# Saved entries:

§ §

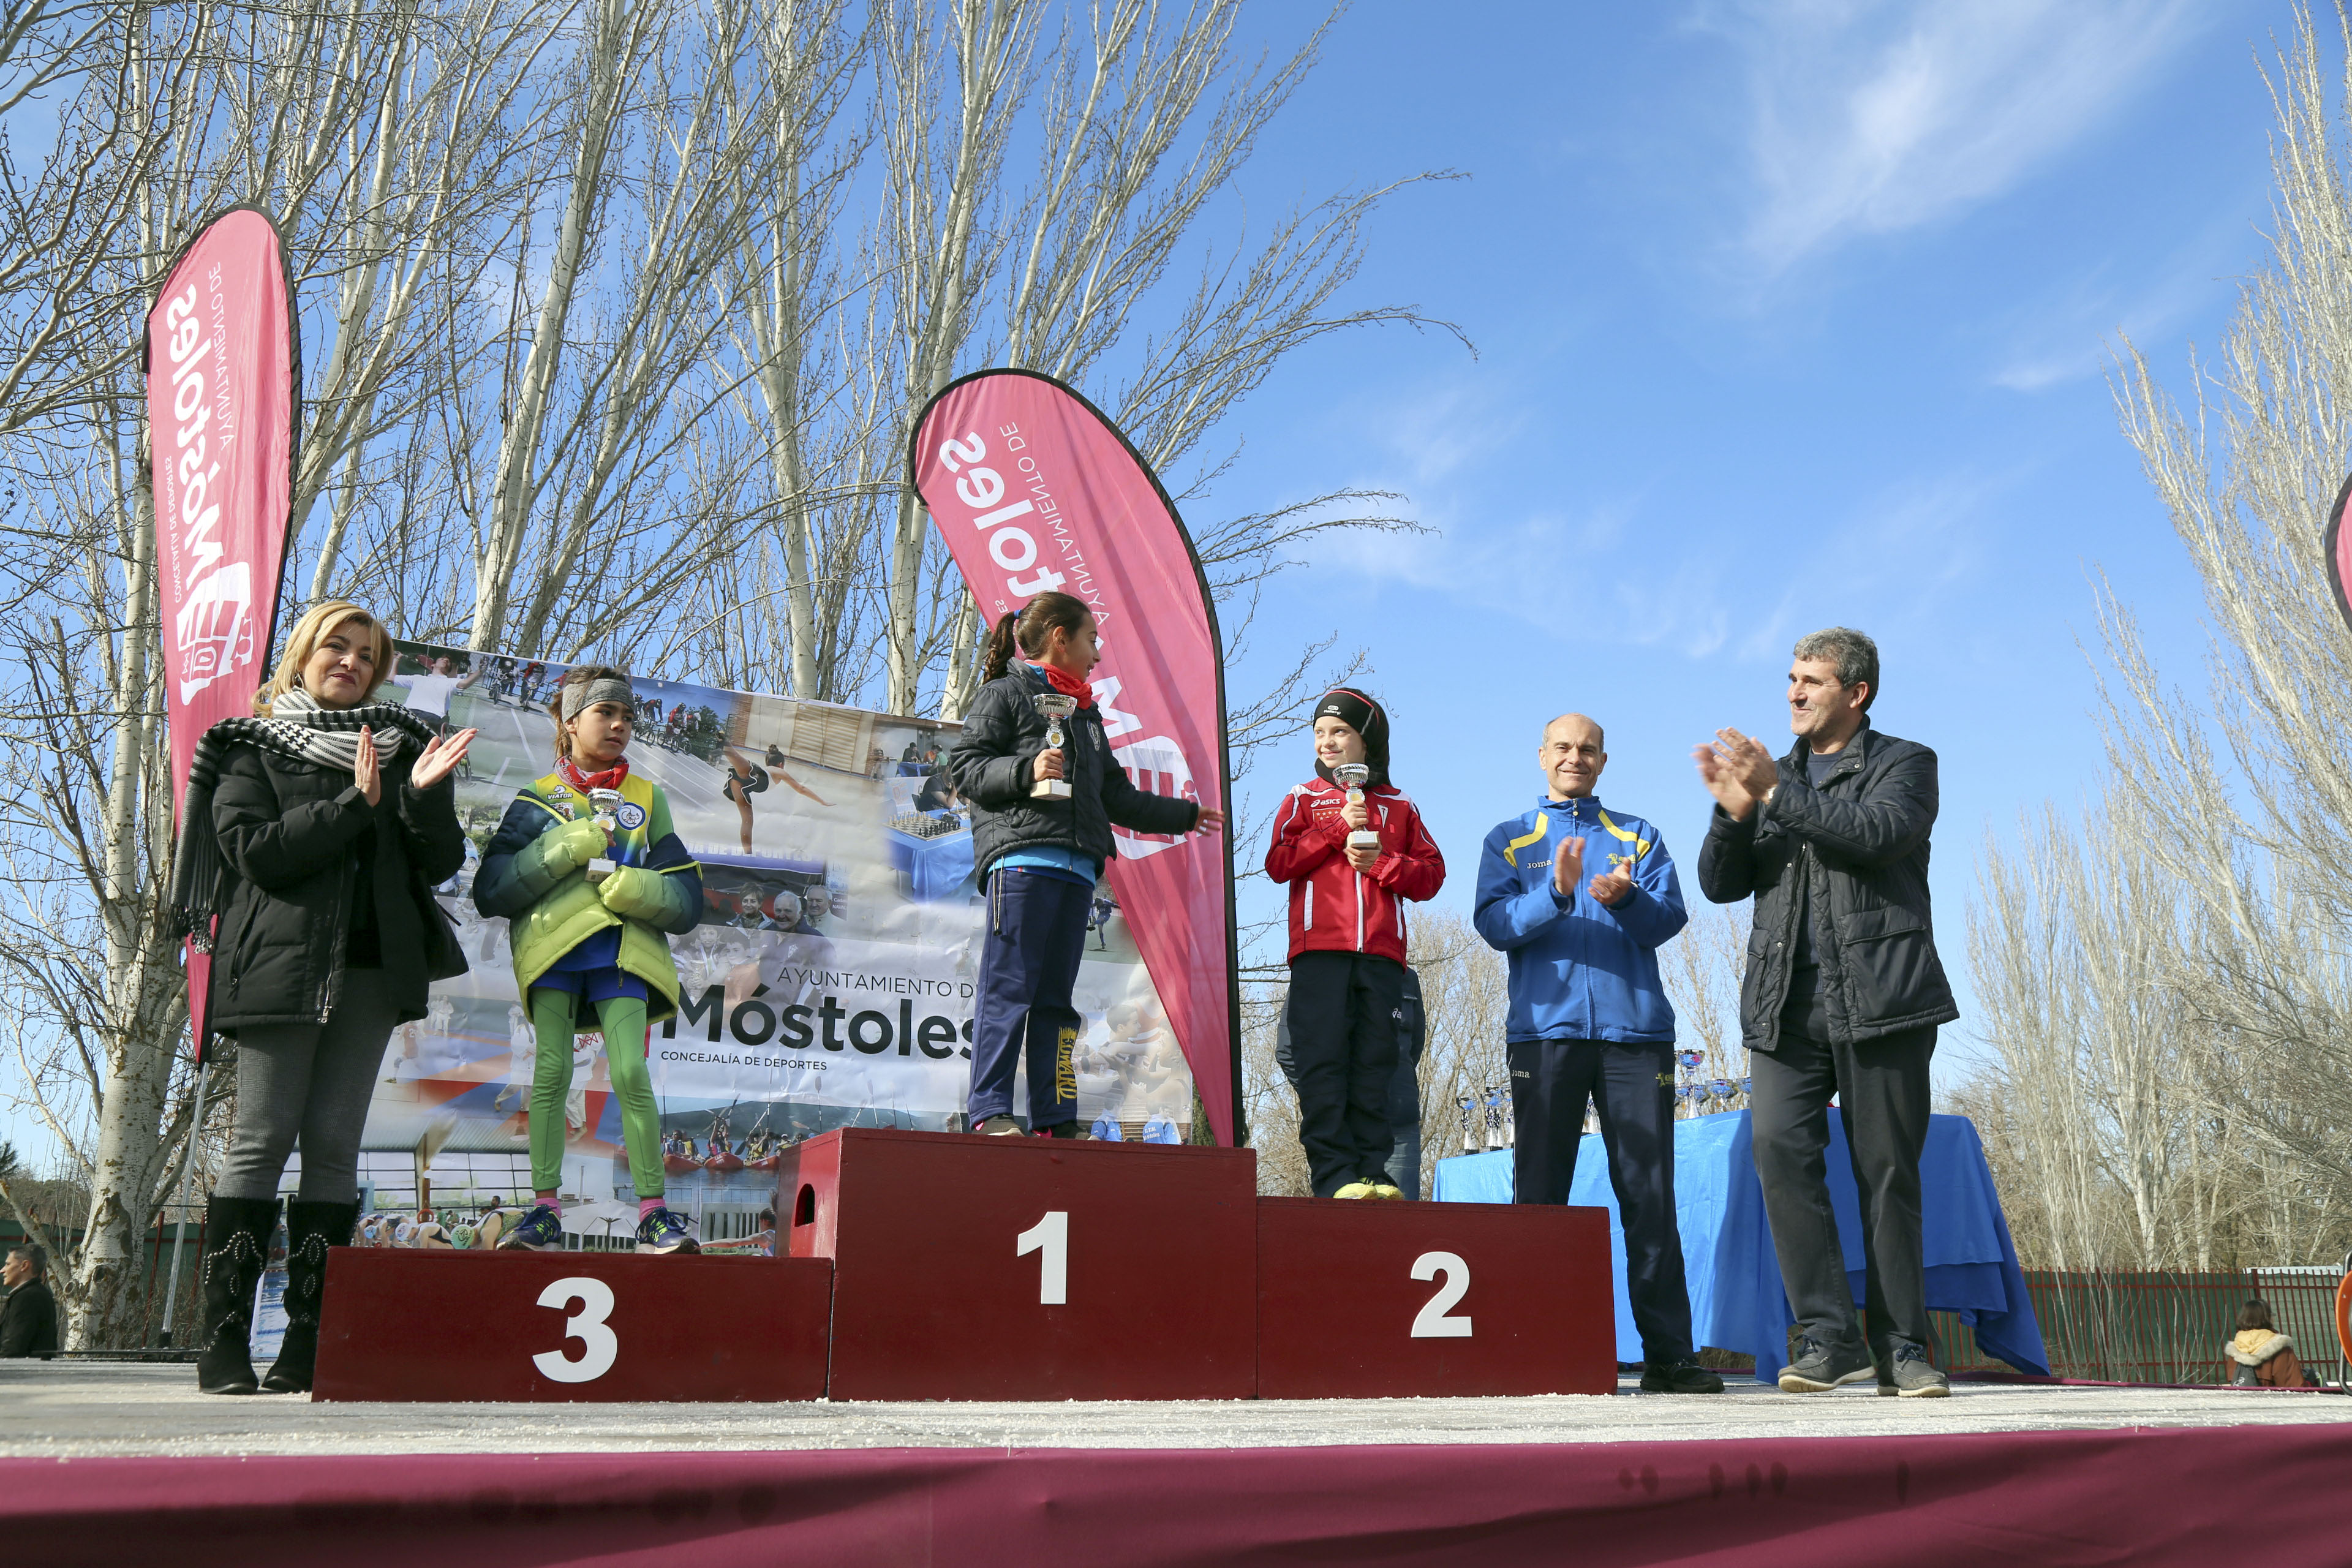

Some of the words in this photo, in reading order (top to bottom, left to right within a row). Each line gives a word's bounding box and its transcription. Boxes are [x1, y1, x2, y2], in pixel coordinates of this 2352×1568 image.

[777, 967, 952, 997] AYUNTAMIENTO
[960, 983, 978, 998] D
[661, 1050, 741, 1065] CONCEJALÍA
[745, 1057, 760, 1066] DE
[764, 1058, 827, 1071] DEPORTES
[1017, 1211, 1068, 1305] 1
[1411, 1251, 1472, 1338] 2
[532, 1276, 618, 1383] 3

§ §

All records above should be duplicated exactly, with the pictures omitted.

# Output of the task:
Some of the words in this photo, in reading order (top to bottom, left to right within a row). Each line gives a word's bounding box and its transcription. Boxes are [x1, y1, x2, y2], in pixel coordinates of this 2352×1568 image.

[777, 967, 952, 997] AYUNTAMIENTO
[960, 983, 978, 998] D
[661, 1050, 741, 1065] CONCEJALÍA
[745, 1057, 760, 1066] DE
[764, 1058, 827, 1071] DEPORTES
[1017, 1211, 1068, 1305] 1
[1411, 1251, 1472, 1338] 2
[532, 1276, 618, 1383] 3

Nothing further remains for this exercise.